Dans le cochon allemand, tout n’est pas bon

« Si nos abattoirs ferment les uns après les autres, c’est aussi parce que l’Allemagne embauche des salariés payés à 400 euros par mois », a lancé le ministre du Redressement productif. Pour une fois, Arnaud Montebourg a raison... mais probablement plus pour longtemps...
Florence Autret.

L'affaire des travailleurs roumains et bulgares parqués dans les abattoirs des Tönnies, Vion et autres géants allemands n'est pas nouvelle. En 2011, déjà, un collectif d'industriels belges et français avait porté plainte contre les pratiques « déloyales » de leurs concurrents allemands qui découpaient les carcasses de porc pour des  prix défiant toute concurrence. Un professionnel belge se souvient avec embarras d'une visite faite à l'époque dans un site d'outre-Rhin. « Les gars étaient logés dans des baraques de chantier où ils n'avaient qu'un seul lit pour trois. Ils dormaient à tour de rôle », raconte-t-il.
 
Avant d'ajouter en baissant les yeux : « Cela avait tout d'un camp. » Récemment la télévision belge a immortalisé les grillages entourant ces hauts lieux de la production des pittoresques « Würze » et autres « Schweinfilets ». On dira que les abattoirs ne sont pas les seuls sites industriels « sécurisés ».

 

Trois à sept euros de l'heure

L'équation est simple. Au moyen de sociétés boîtes aux lettres basées en Europe centrale, les usines font venir pour des durées variables une main-d'œuvre prétendue « détachée », autrement dit sans autre assurance sociale que celle de son pays, et payée de « 3 à 7 euros » de l'heure, en absence de salaire minimum.
 
À cela s'ajoutent, selon cette source belge, des charges n'excédant pas les 3 % de la prime d'assurance couvrant l'employeur contre les accidents du travail. En Belgique, un salaire d'équarrisseur « coûte » plus de 20 euros par heure une fois l'assurance sociale, le treizième mois, les chèques-repas et les frais de transport ajoutés au salaire de la branche.
 
Rien d'étonnant à ce que ces dernières années les abattoirs belges et français aient vu leur demande chuter et aient fini par tourner à la moitié de leurs capacités. Leurs concurrents allemands fonctionnent 20 heures par jour, les quatre restantes étant mises à profit pour nettoyer.

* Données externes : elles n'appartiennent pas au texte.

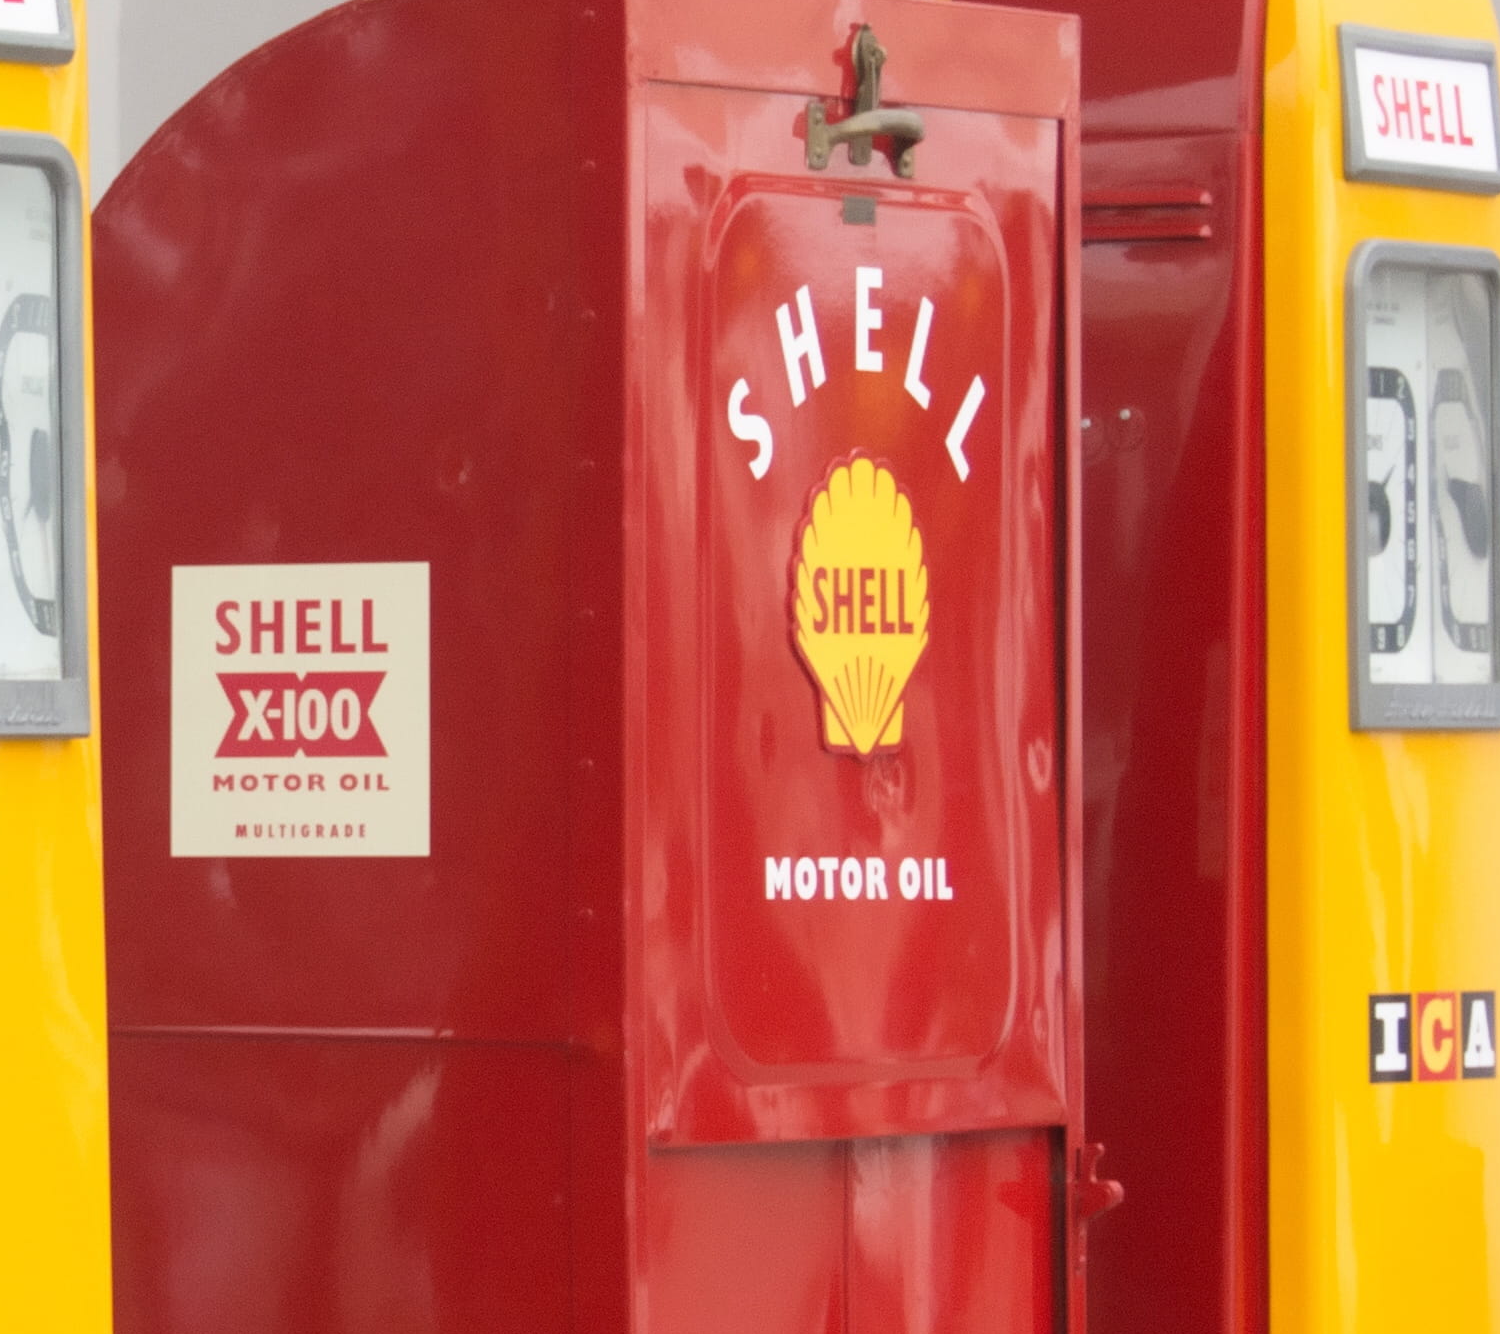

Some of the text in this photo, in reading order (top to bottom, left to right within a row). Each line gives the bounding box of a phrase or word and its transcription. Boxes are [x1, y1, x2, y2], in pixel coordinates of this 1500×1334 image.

Rarement cas de dumping social aura été aussi flagrant

Les autorités fédérales à Berlin ont fini par s'en émouvoir et par convoquer les dirigeants de ces antichambres de nos réfrigérateurs. En septembre, les quatre géants de la filière ont annoncé qu'ils allaient mettre en place un salaire minimum de branche de 8,50 euros. Exactement le taux horaire du salaire minimum que Sigmar Gabriel, le chef de file des sociaux-démocrates allemands, demande à Angela Merkel d'inscrire dans l'accord de
coalition en négociation.
 
Le syndicat de l'alimentation allemand a déjà annoncé l'ouverture de négociations à la fois sur les salaires et sur les conditions de travail. D'ici quelques mois, ce scandale des abattoirs outre-Rhin devrait donc connaître son épilogue, même s'il n'éliminera pas toutes les causes du surcroît de compétitivité allemande.

Personne n'est blanc


 Or, comme souvent dans ces affaires de concurrence faussée, personne n'est totalement blanc. Les plaignants qui ont dénoncé un détournement des lois sur le détachement des travailleurs par l'Allemagne reconnaissent qu'ils n'avaient aucune envie que la Commission européenne tranche leur cas. Non qu'ils estiment leurs griefs infondés, mais parce qu'ils savaient que Bruxelles devrait renvoyer l'affaire devant un juge allemand... ce qui leur donnait peu de chance de gagner.  
 
En Bretagne, certains s'interrogent sur les raisons de la fermeture de l'abattoir GAD de Lampaul (Finistère) qui était l'un des plus compétitifs de la région. On parle d'obscures luttes de pouvoir dans la filière, alors que la guerre sociale menace.
 
Parallèlement le site de Josselin, où va être transféré le reste de la production de Lampaul s'apprête à embaucher... une centaine de Roumains, aux mêmes conditions que les salariés français, assure-t-on...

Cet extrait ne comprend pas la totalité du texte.